1. Checkpointing and Replication Experiments

These scripts evaluate TaskVine's checkpointing mechanism and data replication for fault tolerance.

# Run replication experiments (varying --temp-replica-count)
bash run_batch_replication.sh

# Run checkpointing experiments (varying --checkpoint-threshold)
bash run_batch_checkpoint.sh

2. Load Balancing Experiment

This script tests the dynamic load balancing feature.

# Run load balancing experiment (enabling --load-balancing)
bash run_batch_load_balancing.sh

3. Storage Consumption Experiment

This script investigates aspects related to storage usage during computation.

# Run storage consumption related experiment
bash run_batch_storage_consumption.sh

Each batch script will typically run ecf_calculator.py multiple times with different tuning parameters, loading the task graph from tasks.pkl and using the --template argument to organize logs for each specific run configuration within the TaskVine run info directory.

4. Analyzing Experiment Results

After running the batch experiments, use the provided Jupyter notebooks to visualize the results:

  • analyze_fault_tolerance.ipynb: Use this notebook to plot and analyze the results from the checkpointing and replication experiments (run_batch_checkpoint.sh, run_batch_replication.sh).
  • analyze_storage_consumption.ipynb: Use this notebook to plot and analyze the results from the storage consumption experiment (run_batch_storage_consumption.sh).

Ensure your Jupyter environment has access to the necessary Python packages (like matplotlib, pandas, etc.) and can read the log files generated by the batch runs within the TaskVine run info directory (specified by --run-info-path and organized by --template).

Important Notes

  • Preprocessing: Run --preprocess if samples_ready.json is missing or data directory changes.
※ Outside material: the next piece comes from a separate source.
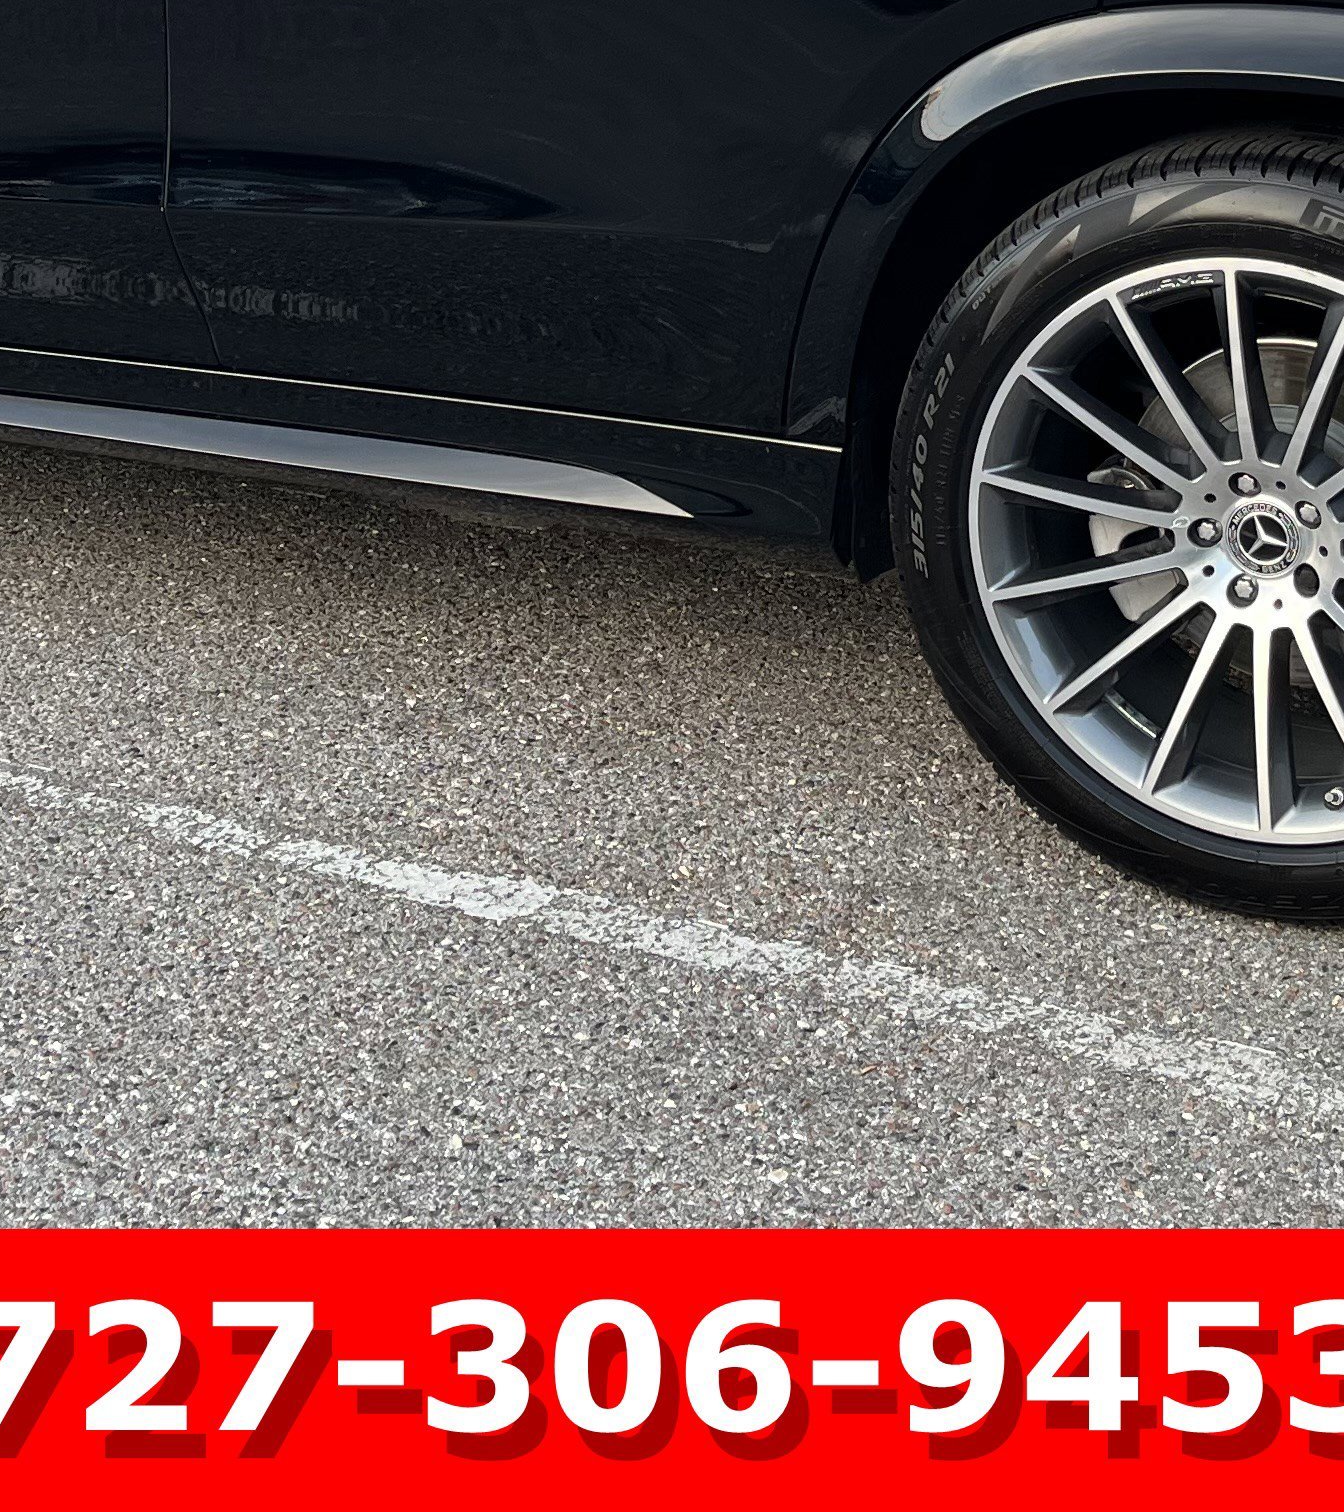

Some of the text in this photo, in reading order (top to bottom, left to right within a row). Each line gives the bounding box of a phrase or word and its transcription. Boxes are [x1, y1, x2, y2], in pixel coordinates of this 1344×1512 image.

[909, 439, 929, 579] 315/40
[922, 352, 956, 430] R21
[1232, 504, 1278, 525] MERCEDES
Preprocessing only creates the JSON.
  • TaskVine Setup: Requires a running TaskVine manager and connected workers.
  • Paths: Adapt paths for your environment: input data (samples_path in ecf_calculator.py), TaskVine run info (--run-info-path, defaults may vary by environment), poncho package location (shared filesystem).
  • Output/Log Directories: output/ and TaskVine run info dir (--run-info-path effective location) are created automatically.
  • --show-samples: Use to confirm dataset names before using --sub-dataset.
  • --sporadic-failure Argument: Not part of ecf_calculator.py; likely for external TaskVine worker testing.
  • Resource Matching: Keep factory.json (cores) and ecf_calculator.py (lib_resources) synchronized.